It’s not every day a school project gets sent to space, but for students from the University of Saskatchewan, their own satellite has officially left the Earth’s atmosphere.
The students involved worked for five years on their RADSAT-SK CubeSat.
A CubeSat is a class of miniaturized satellites, measuring roughly 10 cm by 10 cm by 10 cm. Students say the satellite carries two experiments involving space radiation and was launched into orbit a month ago by a SpaceX Falcon-9 rocket.
Just this week, the satellite was launched from the International Space Station.
“It’s kind of unreal,” said Dustin Preece, a CubeSat project student and the technical manager. “Just to see the thermal tape on there, glimmer in the sun every once in a while. That was really cool.”
The CubeSat will test a new cheap radiation measuring device, and a radiation shielding epoxy made out of melanin.
While the project took five years to get off the ground, it felt like a short time for Preece.
“There was so much to do and at times the days blurred together,” he said. “It’s been an amazing journey and I’m just very grateful to have been part of it.”
Preece said CubeSats are far cheaper to launch than traditional satellites due to their size, making such projects more accessible for universities.
The satellite is part of the Canadian CubeSat Project that started in 2018, involving more than 2,000 students across Canada. Its aim is to boost interest in science, technology, engineering and mathematics while involving students in real space missions.
“(It’s) a very exciting moment for students in Canada who wish and dream of working in the space industry,” Tony Pellerin, a Canadian Space Agency (CSA) manager and technical lead of the project said in a recent interview.

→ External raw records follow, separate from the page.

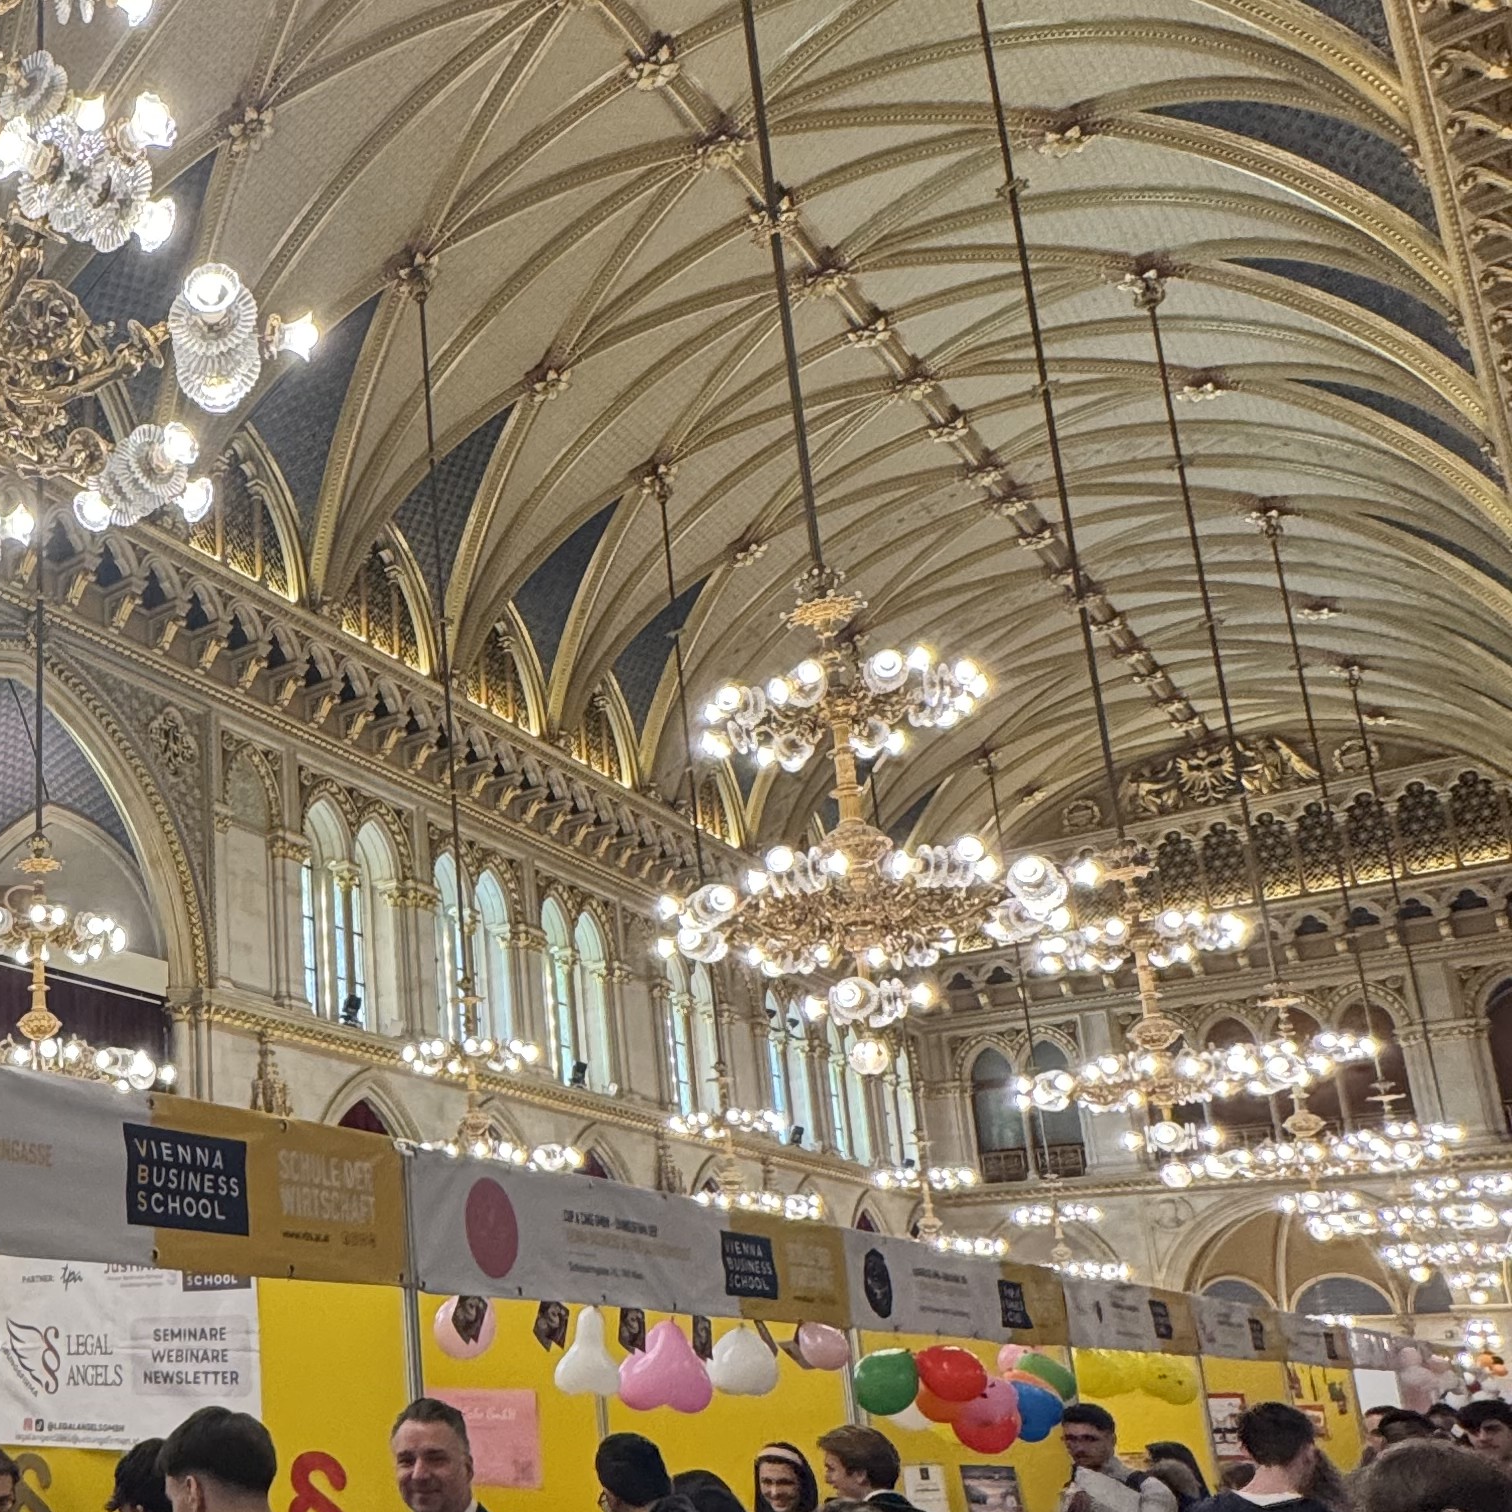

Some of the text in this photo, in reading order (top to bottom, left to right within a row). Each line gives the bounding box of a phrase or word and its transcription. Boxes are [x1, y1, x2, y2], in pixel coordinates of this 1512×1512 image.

[134, 1138, 223, 1169] VIENNA
[138, 1164, 239, 1197] BUSINESS
[137, 1191, 226, 1220] SCHOOL
[66, 1334, 113, 1356] LEGAL
[153, 1327, 226, 1342] SEMINARE
[152, 1349, 228, 1363] WEBINARE
[66, 1364, 123, 1386] ANGELS
[143, 1370, 239, 1385] NEWSLETTER

The RADSAT was designed and developed at the University of Saskatchewan.
“Once we tested it, we took it to Montreal to the Canadian Space Agency headquarters,” Preece said. “And it launched from the Kennedy Space Centre in Florida.”
“For now, it’s an academic project and we’ll see where it goes,” he explained. “Hopefully it does help the radiation industry, the nuclear industry and the space industry too.”
Preece hopes projects like this continue to come out of Saskatchewan, and says he wants to continue developing and sending satellites into space.
“We’re proud to represent Saskatchewan, and we want to expand Saskatchewan’s presence in the aerospace and the space industry,” Preece said. “It’s just been a privilege to be on this journey with everyone.”